If one Googles the IPPC report or the summary of this report, global climate change or Al Gore’s movie “An Inconvenient Truth” and arguments “for” and “against” these topics you see immediately that the issue of climate change and man’s effect on it are far from settled science as the majority of those in the “man-made” global warming camp would have us believe.

If one is really interested in a different, well-reasoned point of view on global warming, then take the time to view the documentary “The Great Global Warming Swindle” and see for yourself. It is that simple.

Before we saddle ourselves with more taxes, more regulation and fewer choices based on the cloud of controversy surrounding this issue, it must become much clearer. Is climate change “man-made,” or is it simply mainly natural cycles with some lesser impact made on the climate by man? It is also that simple.

Douglas E. Larsen

Outdoor burning

Brush piles help critters, people

To consider burning the “best” way to handle “land waste” is short-sighted (“Proposed ban is an infringement,” Letters to the Editor, Jan. 9). Best for whom? Not for those who need to breathe the air. Nor for the soil. Nor for biodiversity. Nor for our grandchildren and their grandchildren who will need to deal with the effects of global warming, which burning exacerbates.

Burning even dry material creates toxic pollution. Smoke that crosses the boundary of your property infringes on others’ right to clean air, and damages their health.

Brush fences and piles do eventually decompose into lovely friable soil. Unless you need instant gratification. Unless you keep adding to them. My biggest pile, which started with slow-to-decompose laurel trees, never seems to get bigger, even though pruning material, storm blow-down, etc., have been continually added. Other piles have completely disappeared.

Unless food scraps are added, brush fences and piles are less likely to attract pests than are blackberry brambles and ivy-covered trees and slopes.

Instead of burning or hauling, some imaginative folks are creating interesting garden art from stumps, root wads and other vegetative material.

Historically, some donated a tithe of their income. Better than burning would be to dedicate a tithe or smaller portion of our property to brush fences and piles.

Pat Collier

Sheriff’s department

Priorities may need revision

I am 66 and have been driving for 50 years. I had been awarded only one moving violation, for going 11 miles over the speed limit, until I moved to Vashon five years ago.

On Vashon, I have been pulled over twice for the same violation: not coming to a complete stop at the corner of 204th and Vashon Highway. It has always been well after dark; since the headlights of any vehicles were not visible I guess I assumed the coast was clear. I know I stopped at the corner, but I cannot claim that my stop was complete.

I received a fine upbringing with respect for law and order and also for the fine men and women of the thin blue line who maintain it. This letter is not meant to be a rant against the police, but it is to strongly question what they are protecting on Vashon.

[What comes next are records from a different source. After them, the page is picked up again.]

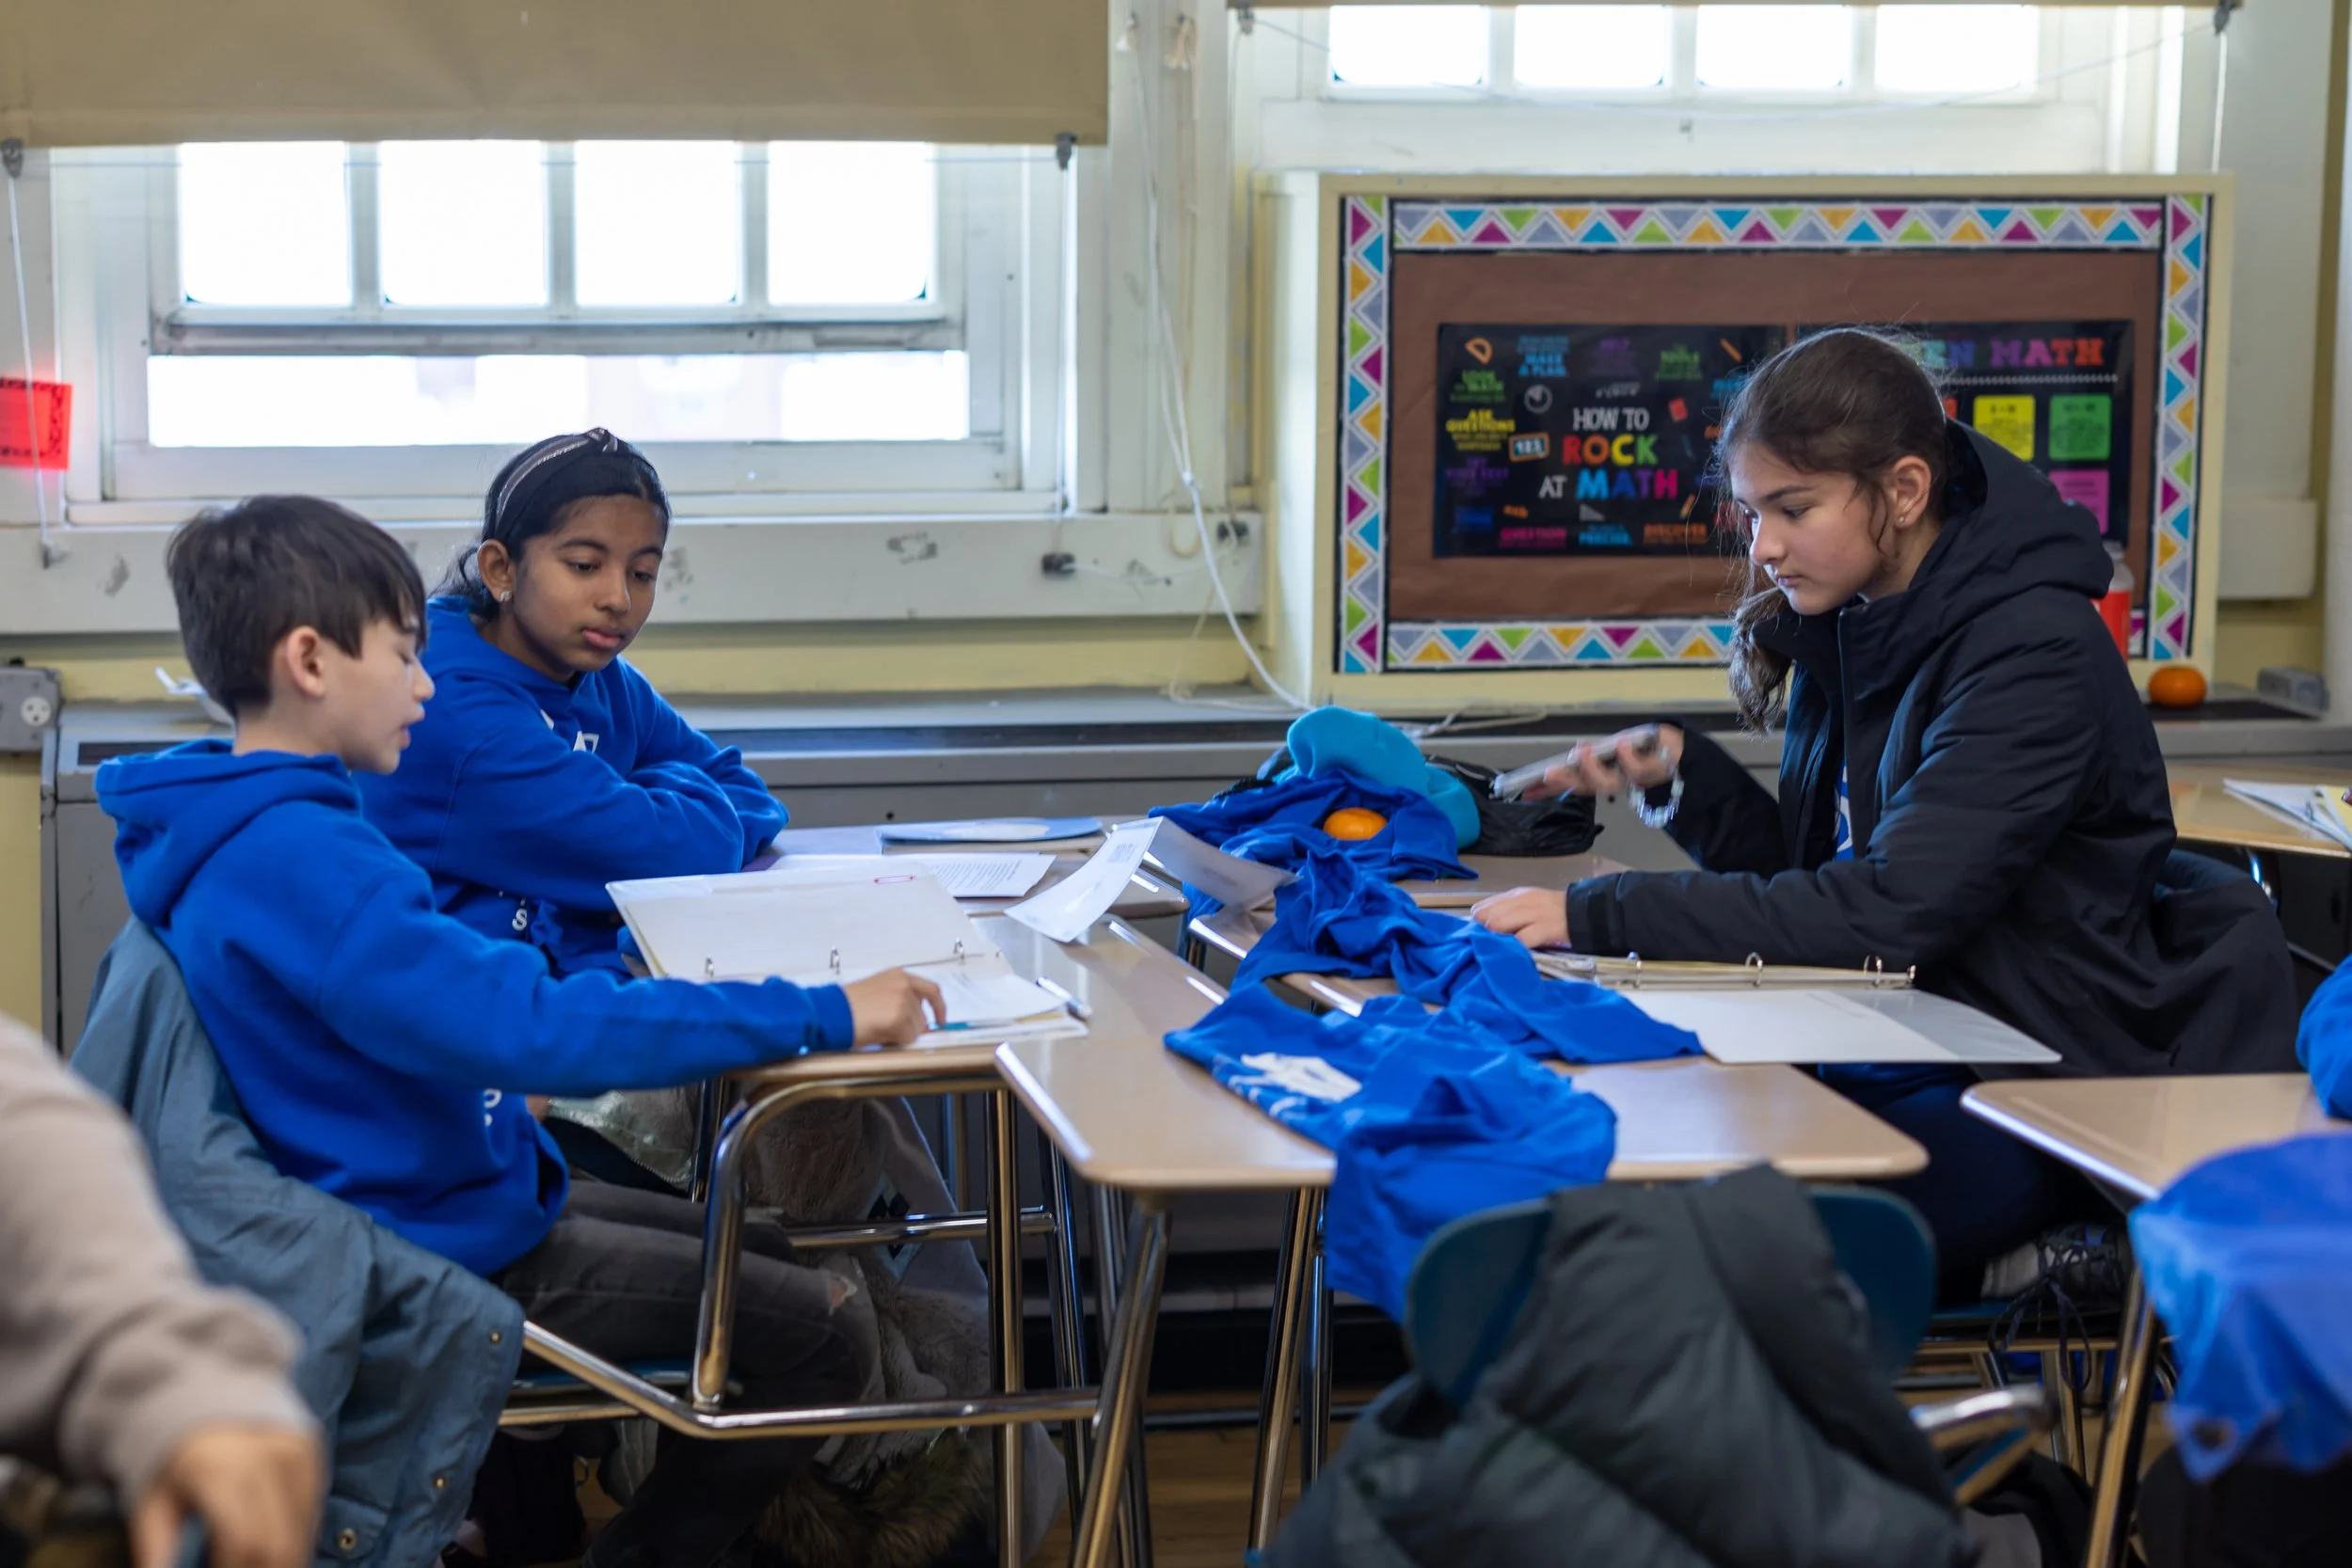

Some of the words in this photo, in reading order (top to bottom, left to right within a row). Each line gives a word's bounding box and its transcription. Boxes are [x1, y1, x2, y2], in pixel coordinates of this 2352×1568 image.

[1990, 339, 2105, 366] MATH
[1573, 407, 1619, 431] HOW
[1622, 407, 1650, 431] TO
[1562, 434, 1659, 466] ROCK
[1538, 475, 1567, 499] AT
[1575, 467, 1678, 500] MATH
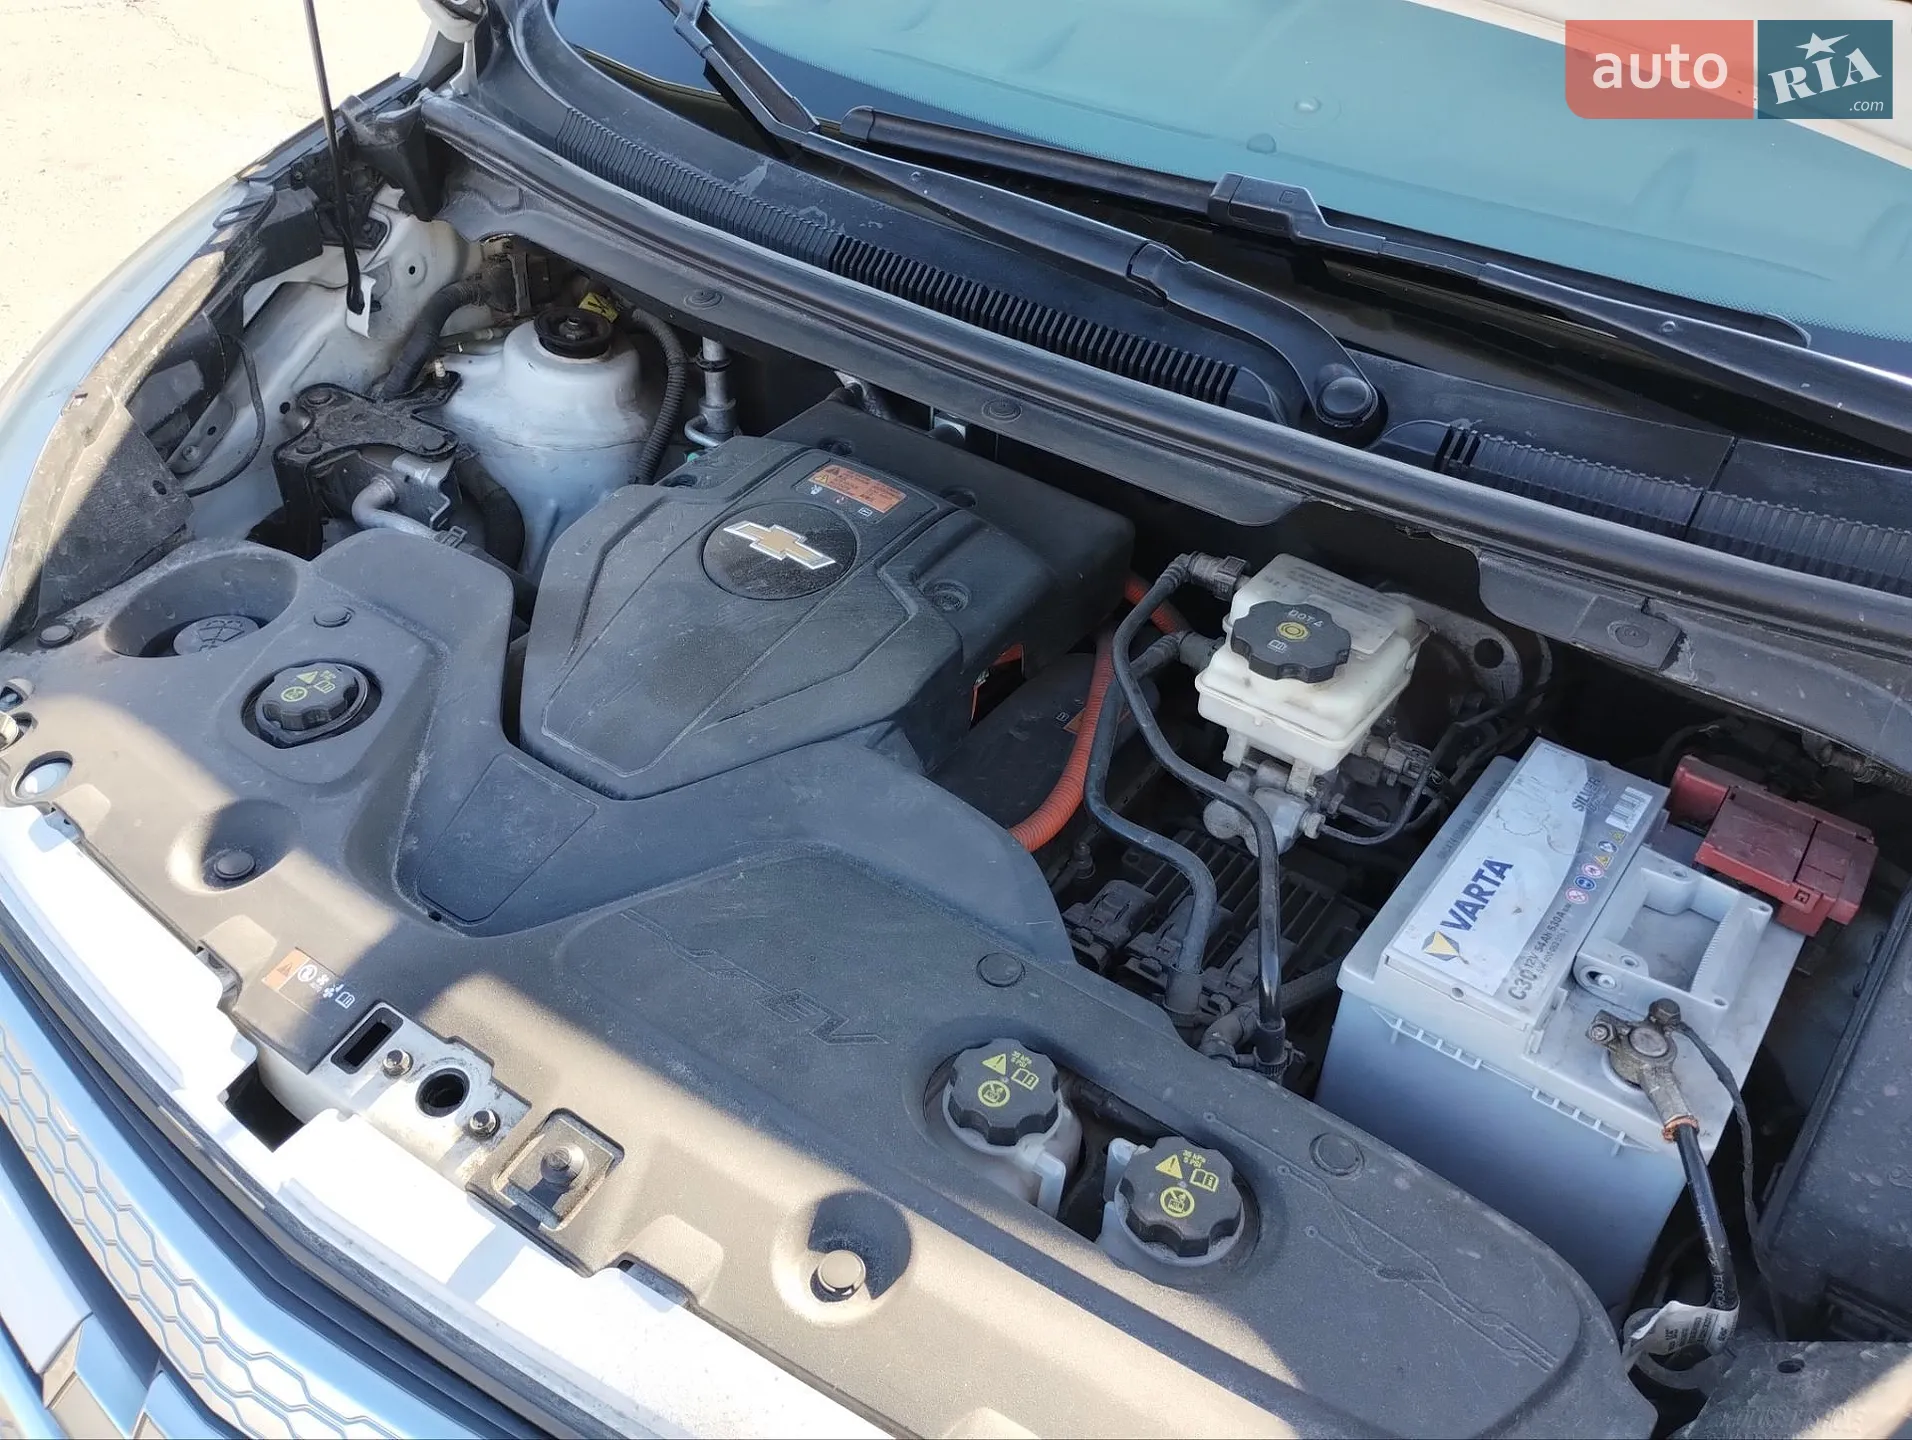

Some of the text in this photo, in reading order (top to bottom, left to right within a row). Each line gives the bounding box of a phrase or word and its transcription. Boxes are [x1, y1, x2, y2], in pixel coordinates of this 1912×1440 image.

[1288, 609, 1315, 622] DOT
[1571, 776, 1601, 812] SILVER
[1440, 858, 1514, 932] VARTA
[1524, 952, 1538, 968] 12V
[1508, 967, 1537, 1000] C30
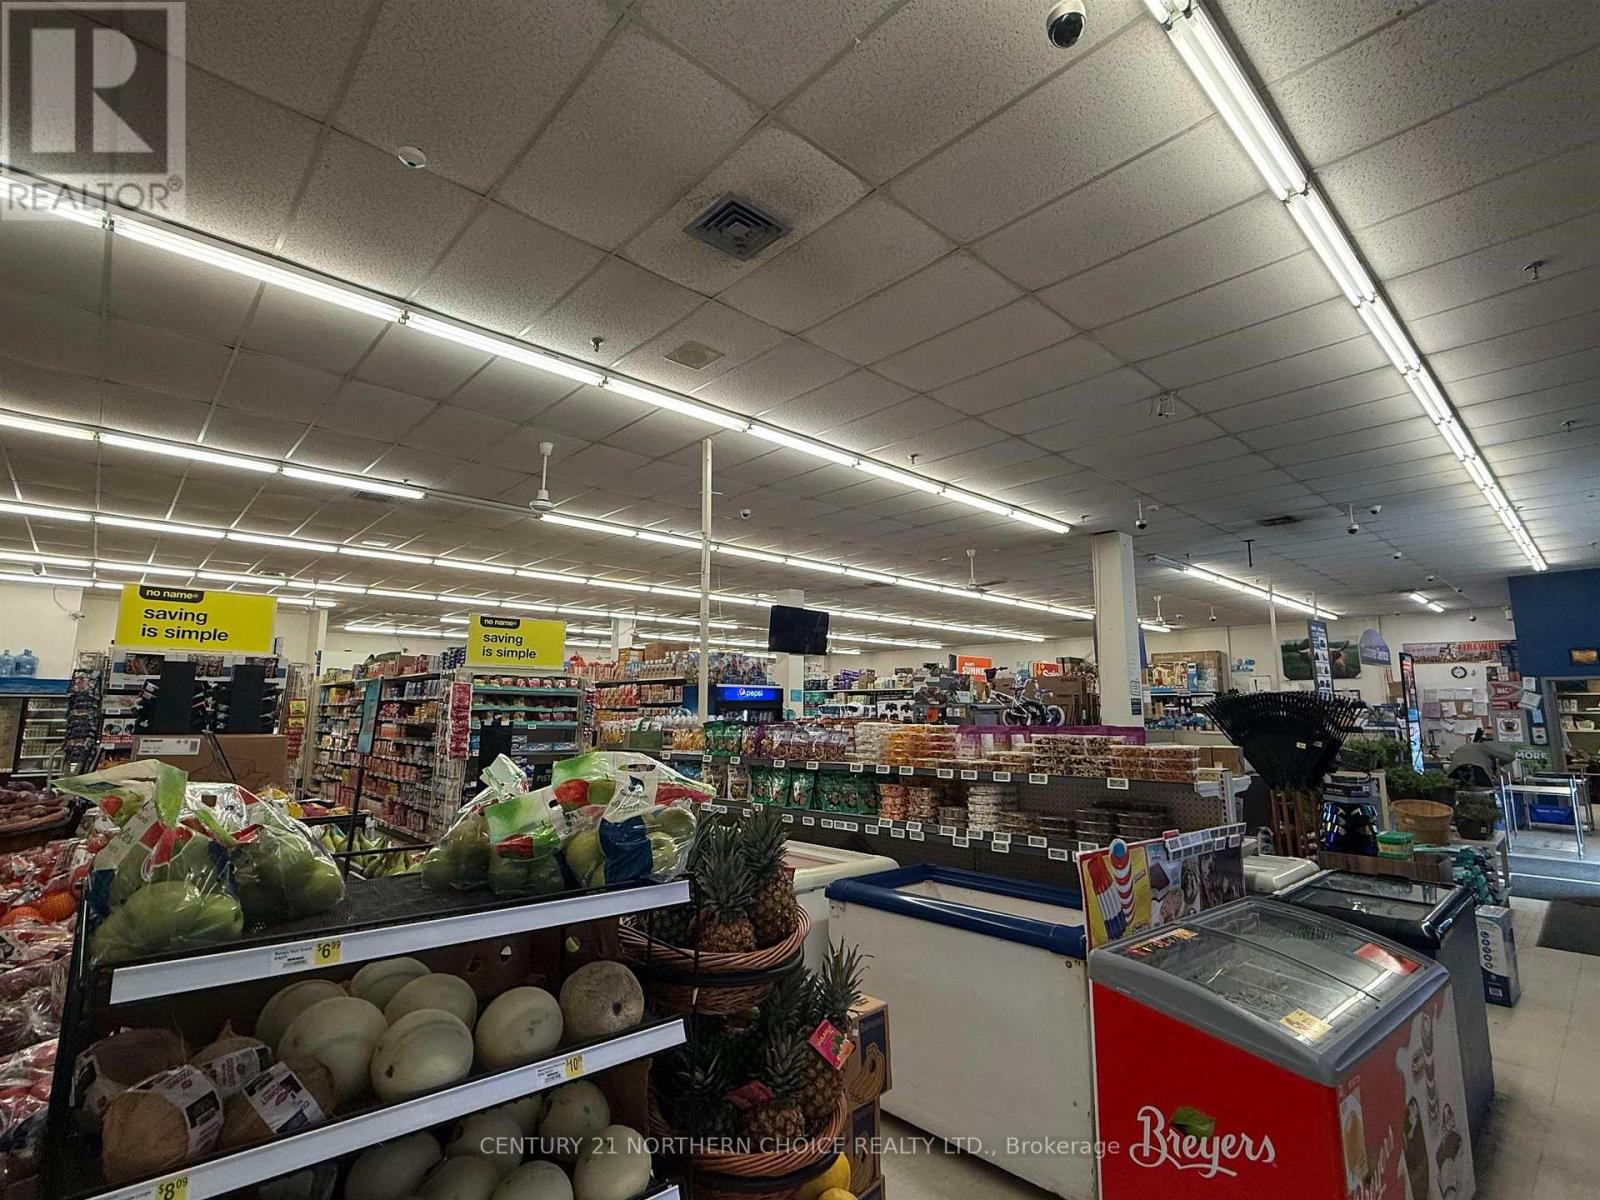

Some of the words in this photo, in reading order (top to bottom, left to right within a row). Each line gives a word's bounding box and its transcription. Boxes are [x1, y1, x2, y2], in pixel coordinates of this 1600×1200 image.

[146, 589, 161, 597] no
[143, 607, 208, 625] saving
[484, 617, 494, 626] no
[141, 624, 158, 637] is
[164, 627, 229, 643] simple
[483, 632, 523, 647] saving
[482, 645, 493, 657] is
[495, 647, 537, 660] simple
[746, 688, 763, 698] pepsi
[1128, 1105, 1276, 1178] Breyers

I just left Café Luna, and there is a sign out front asking what happened to the sculpture there. I remember the delightful bench at the bus stop by the US Bank that was destroyed. I also remember the ticket window at the movie theater that was trashed, as well as several windows at the medical center. There has been serious vandalism around the Land Trust building.

I served many times as an adult supervisor at The Crux. We called law enforcement after every concert to request a sweep of the area with a squad car to prevent behavior that could reflected poorly on the event at Crux.

Law enforcement did not honor our request almost 100 percent of the time. I can only conclude that pulling me over for not coming to a full stop is more important than preventing vandalism. I thank you, law enforcement, for not giving me tickets, but please reconsider your priorities!